Panama Papers inquiry final report: Grand Coalition gang-up means fight for tax justice goes on

See a detailed analysis of the results of the vote on the final PANA recommendation here.

The fight for tax justice suffered a setback this week as a grand coalition of the EPP and S&D reared its ugly head and joined forces to water down a parliamentary vote that would have enhanced measures against tax avoidance and protections for whistleblowers.

In October, a majority of members of the European Parliament’s Panama Papers inquiry committee, including GUE/NGL MEPs, adopted a report that included many important and progressive provisions.

The full plenary of the European Parliament voted on the report this week in Strasbourg. But at the eleventh hour, the S&D reneged on key aspects of the committee’s adopted report and voted to abstain on a number of progressive paragraphs in order to keep their conservative grand coalition partners happy.

The likes of the EPP and ALDE* group had long wanted to keep directives that tackle tax avoidance off the agenda. Prior to the vote, there had been concerns that the two blocs would water down or even delete progressive content from the final report.

Also defeated were efforts to set up an EU-wide body that would give whistleblowers a platform to anonymously report financial crimes. This was based on the report by GUE/NGL’s Dennis De Jong which had passed a plenary vote back in February.

There was better news, however, with sanctions being proposed on enablers and facilitators such as banks, lawyers and other intermediaries which help with aggressive tax planning, tax fraud and evasion.

A future permanent committee enquiry into tax evasion – thanks in part to the recently-leaked ‘Paradise Papers’ – will also be set up along the lines of the US Congress model.

The measures were among 211 recommendations put before MEPs today but the vote left GUE/NGL shadow on this ‘Panama Papers’ report, Miguel Urbán, angry and disgusted.

The Spanish MEP abstained in the final vote and afterwards, he voiced his frustration at what the Grand Coalition has done – pinning the blame firmly on the S&D:

“The Grand Coalition has voted in favour of the report after making sure that it had been modified and even stripped of its most progressive, advanced elements. The EPP and ALDE have dropped entire paragraphs from the text that had previously been approved in the ‘Panama Papers’ committee. But they would not have succeeded without the help of the S&D which chose to abstain. That effectively ended the Parliament’s position in exerting pressure on the Council and the Commission to tackle tax injustice.”

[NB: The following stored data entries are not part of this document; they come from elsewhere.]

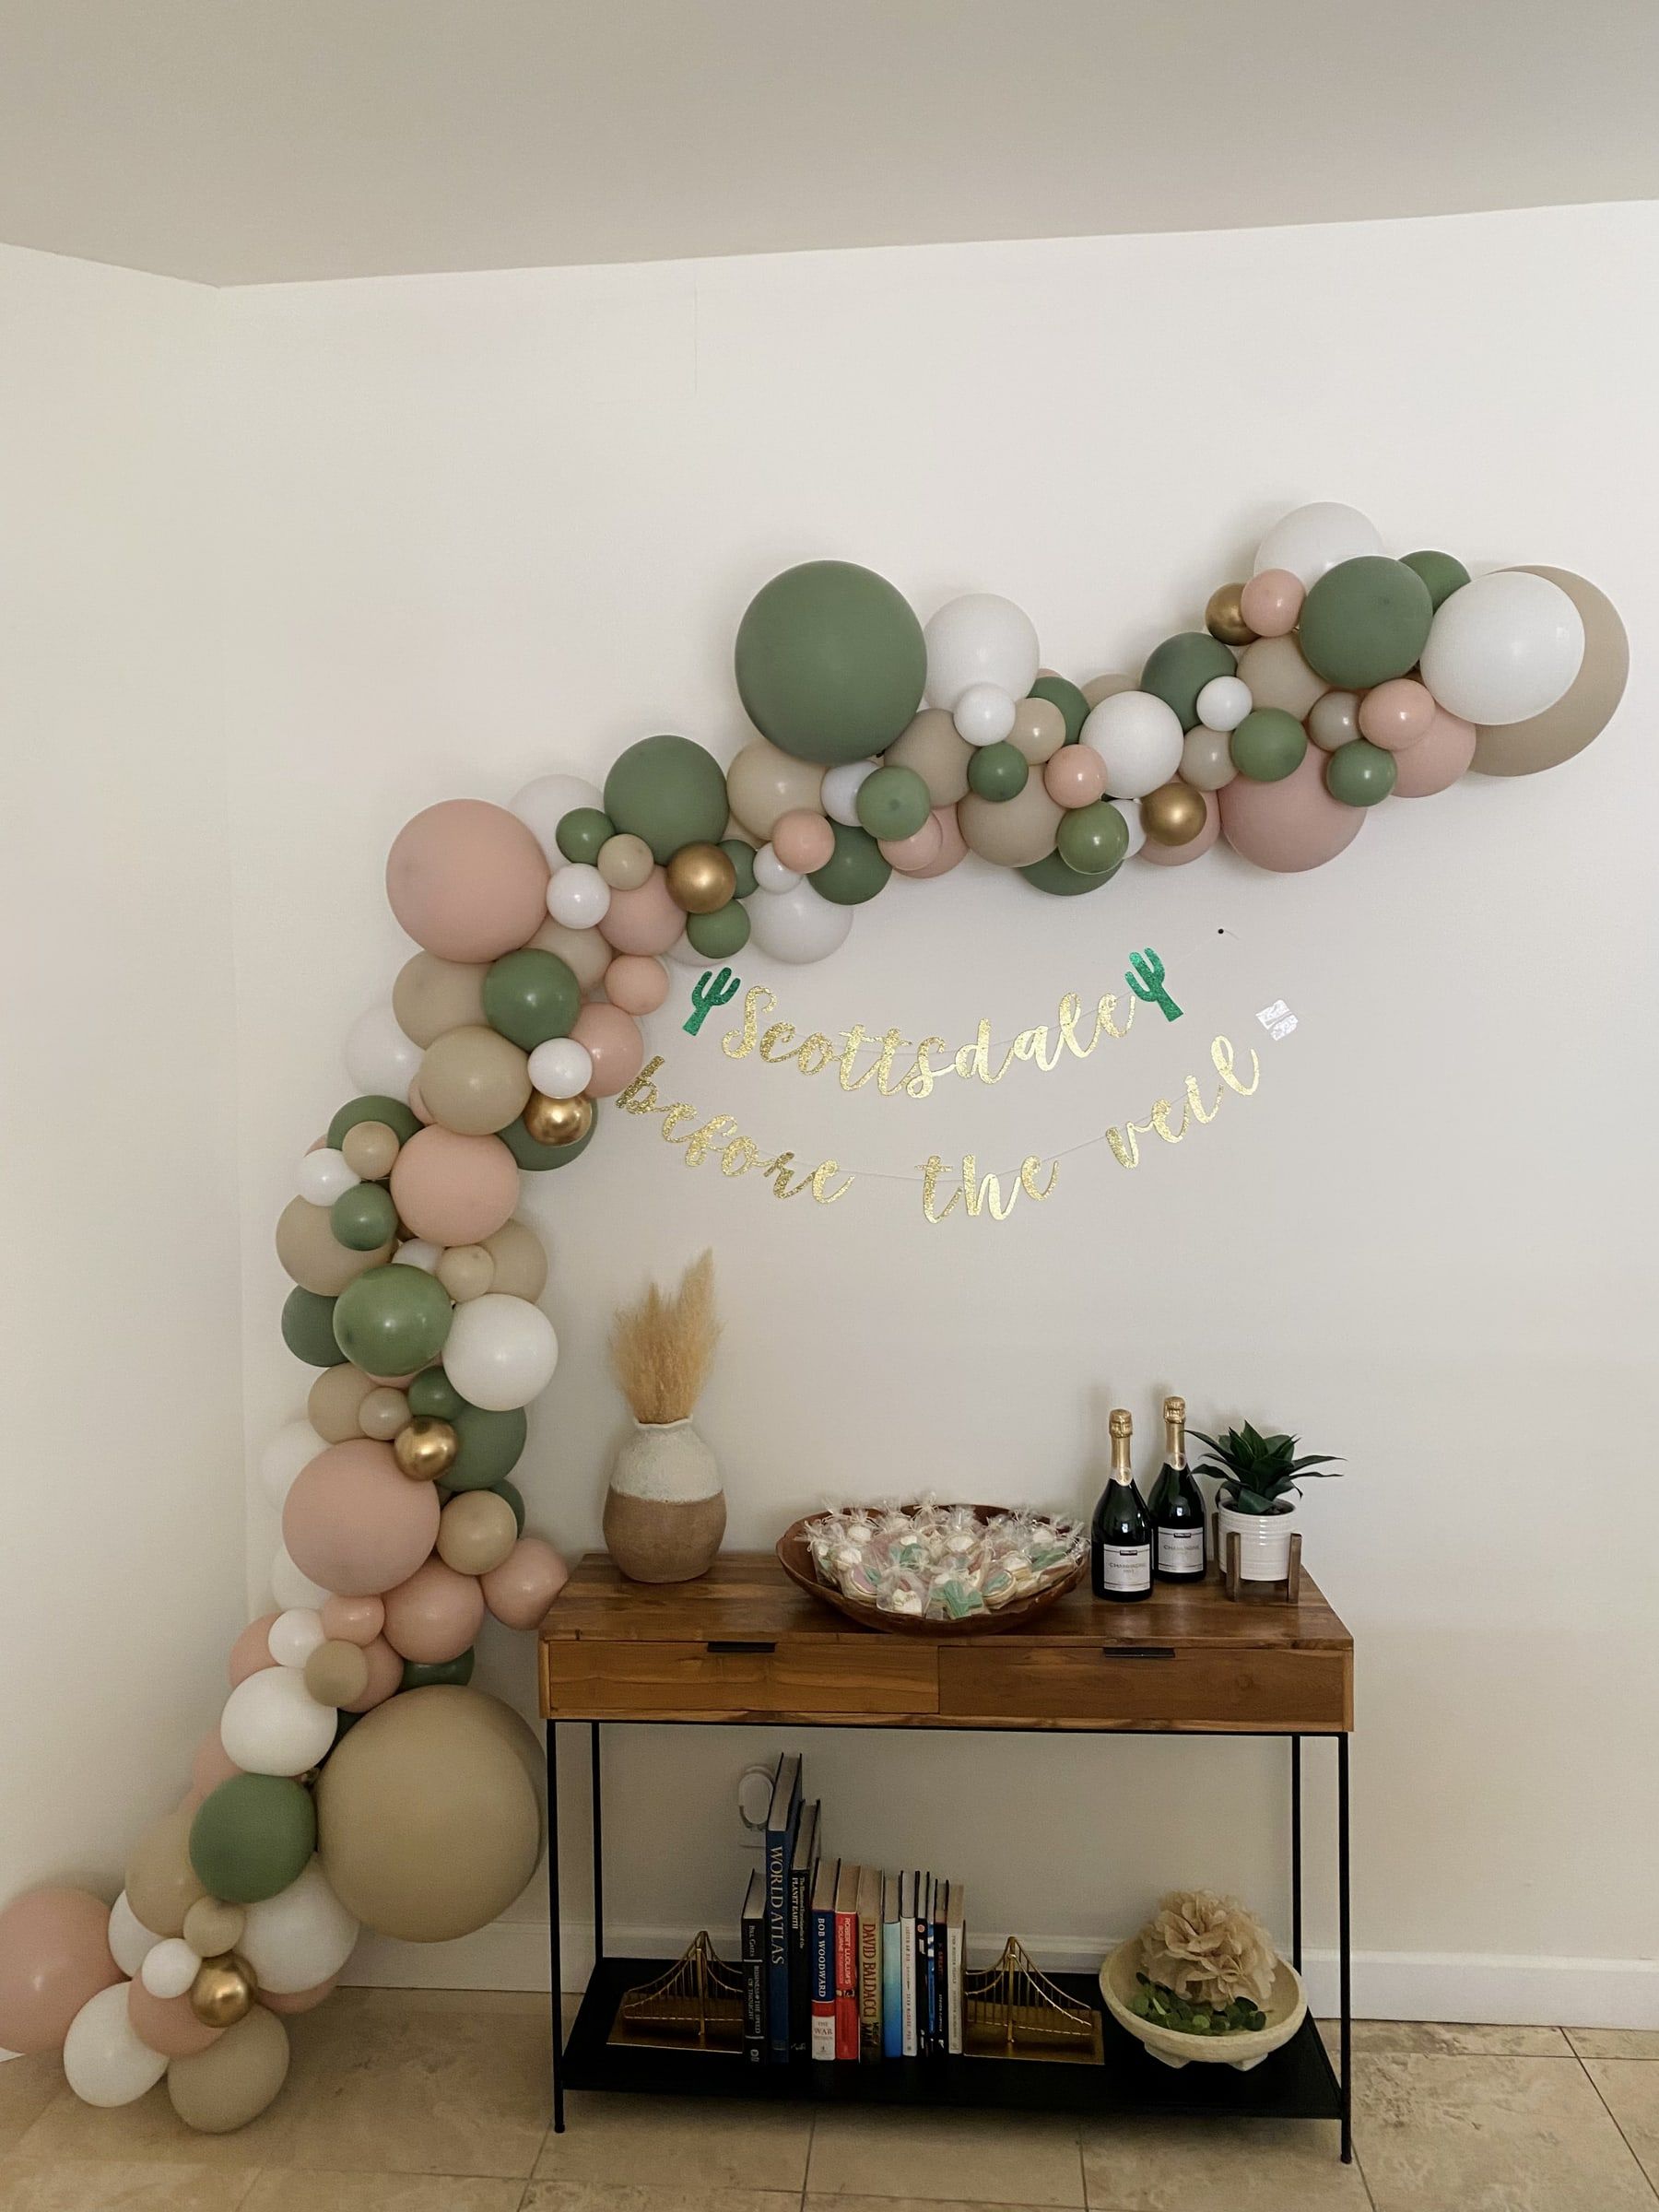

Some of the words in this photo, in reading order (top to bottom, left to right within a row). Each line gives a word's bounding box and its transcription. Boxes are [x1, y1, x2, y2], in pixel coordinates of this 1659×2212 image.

[721, 984, 1136, 1100] Scottsdale
[616, 1055, 855, 1205] before
[915, 1153, 1059, 1224] the
[1105, 1035, 1260, 1170] veil
[770, 1846, 783, 1908] WORLD
[748, 1924, 757, 1937] BILL
[748, 1938, 757, 1957] GATES
[771, 1911, 786, 1965] ATLAS
[818, 1917, 826, 1936] BOB
[862, 1923, 877, 1959] DAVID
[818, 1940, 826, 1998] WOODWARD
[862, 1961, 877, 2018] BALDACCI

“EPP and ALDE have got what they wanted – mutilating the text and devaluing the recommendations of the ‘Panama Papers’ committee. Ultimately, our group could not endorse it and we therefore abstained.”

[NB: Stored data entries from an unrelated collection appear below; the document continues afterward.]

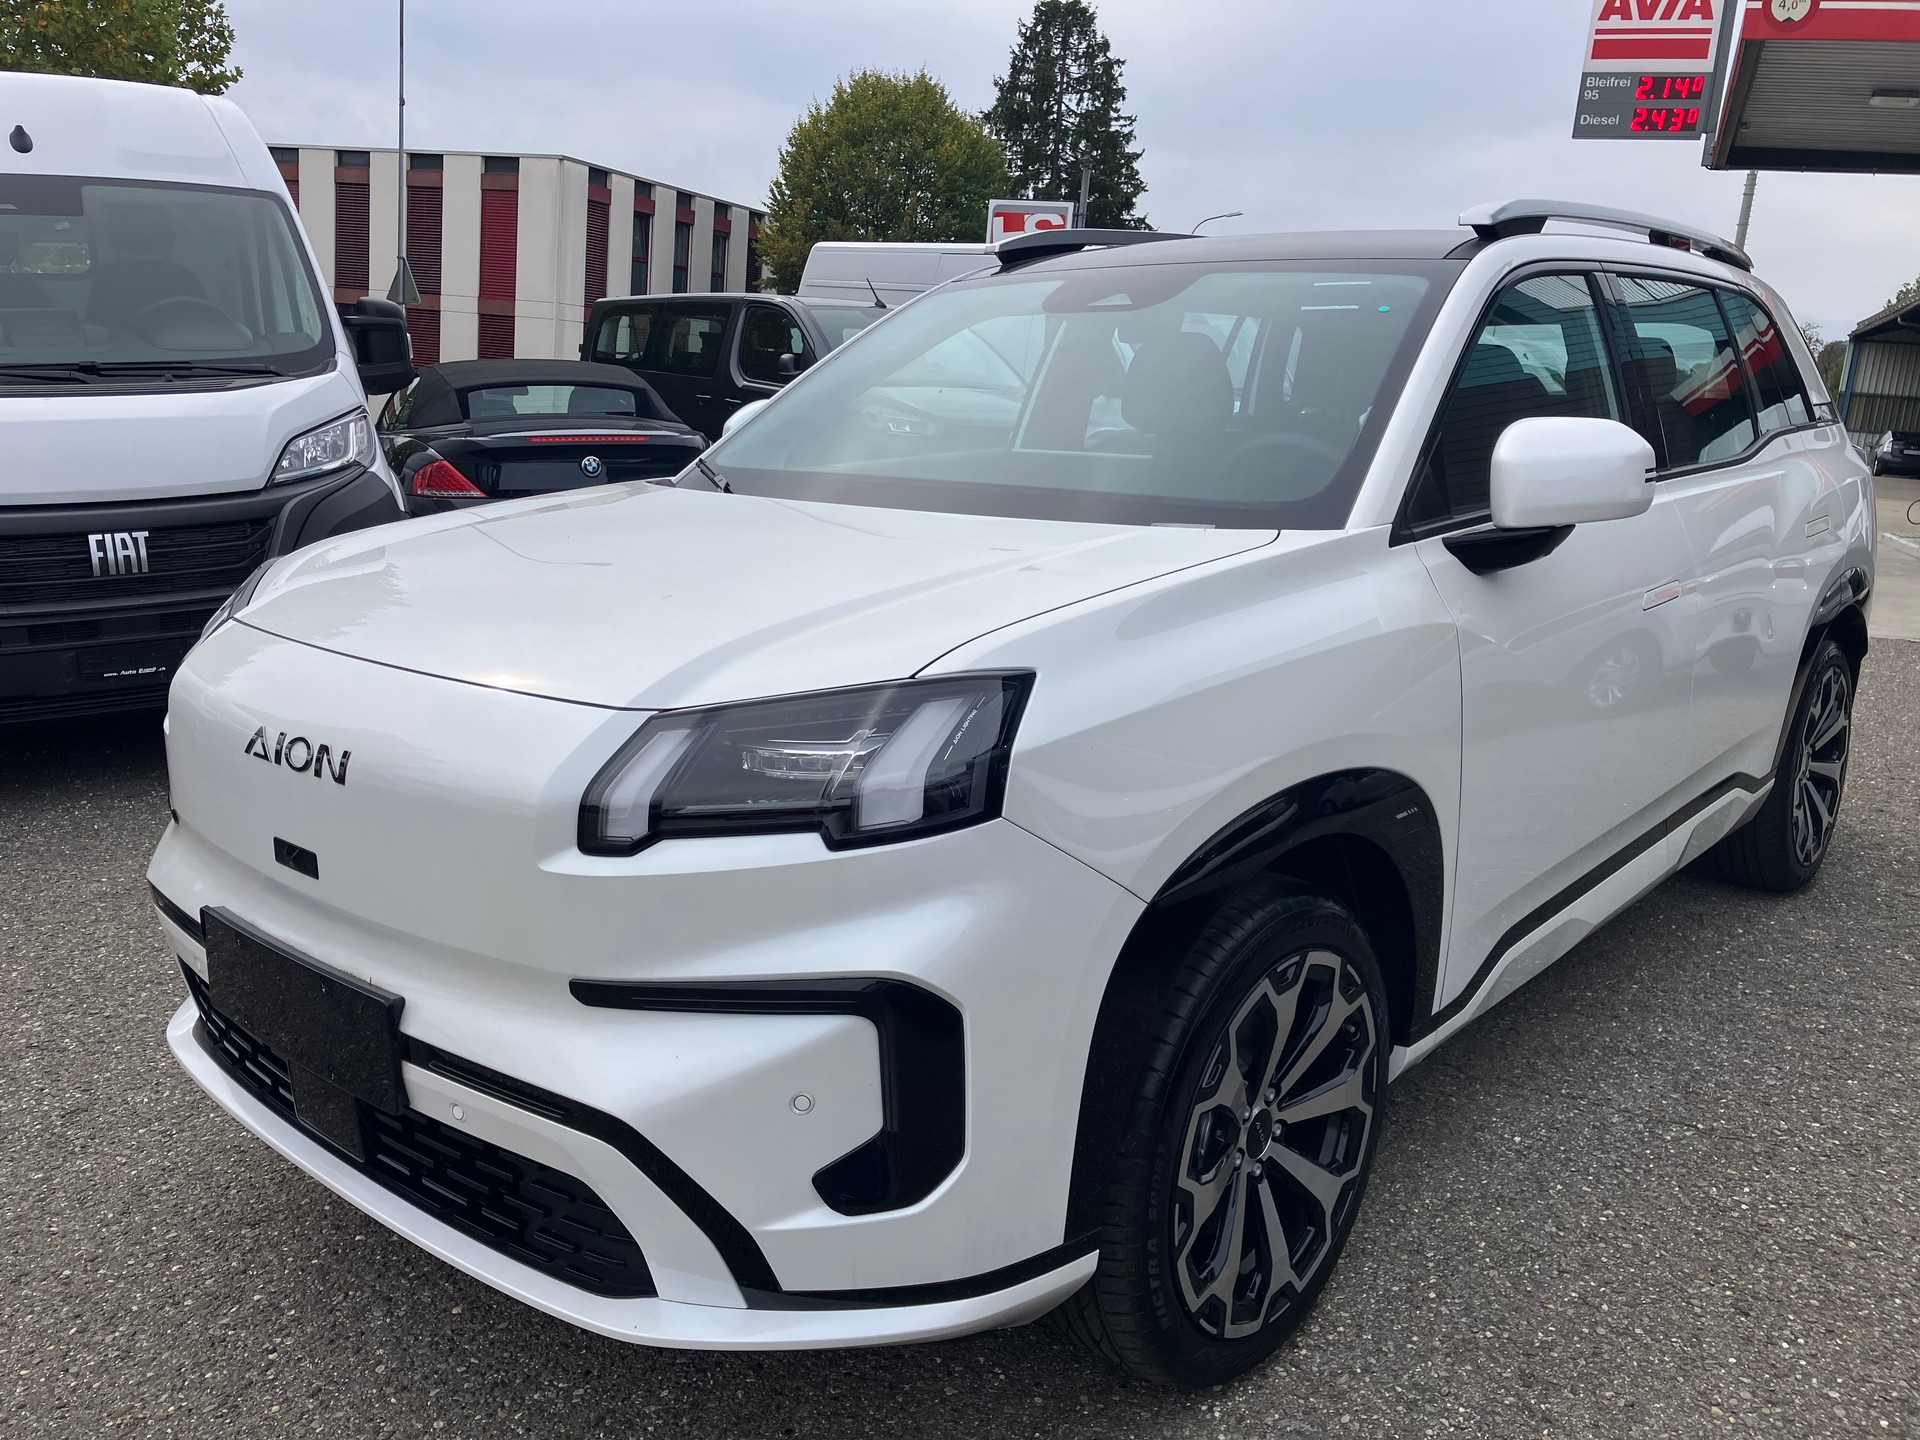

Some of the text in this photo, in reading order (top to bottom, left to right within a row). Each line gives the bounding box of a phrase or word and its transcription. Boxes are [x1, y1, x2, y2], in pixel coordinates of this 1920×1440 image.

[1597, 0, 1714, 21] AVIA
[1586, 76, 1631, 88] Bleifrei
[1583, 90, 1600, 101] 95
[1579, 115, 1620, 126] Diesel
[88, 531, 149, 576] FIAT
[953, 709, 977, 744] AION LIGHTING
[244, 725, 351, 786] AION

“I had met with the S&D group just yesterday and I told them which key elements of the text would be our red lines. But in the end, they chose the Grand Coalition over the fight against tax evasion and avoidance,” he continued.

The Spanish MEP added that such positions taken by EPP and ALDE groups came as no surprise to him:

“Since the start, the ultimate aim for the EPP and ALDE in the Panama Papers inquiry committee has been to stop any attempts to tackle tax avoidance which has bled the country’s public finances dry.

“They ganged up to defeat the recommendation for tax harmonisation which would have eliminated competition between member states and tax dumping. They also scuppered any measures aimed at combating tax avoidance by multinationals – one of the key problems as identified by the ‘Paradise Papers’.”

“They also got their way in voting down the European registry which would have exposed companies that hide behind letter-boxes in tax havens, and the creation of an independent body for the protection of the whistleblowers,” he concluded.

Despite these setbacks, a vote to set up a permanent committee of inquiry was passed. Matt Carthy comments:

“Over the past year of our work on the ‘Panama Papers’ inquiry committee, one thing has been made clear above all else – the fraud, tax avoidance, tax evasion and money-laundering uncovered by the leak are systematic problems, including in the EU.”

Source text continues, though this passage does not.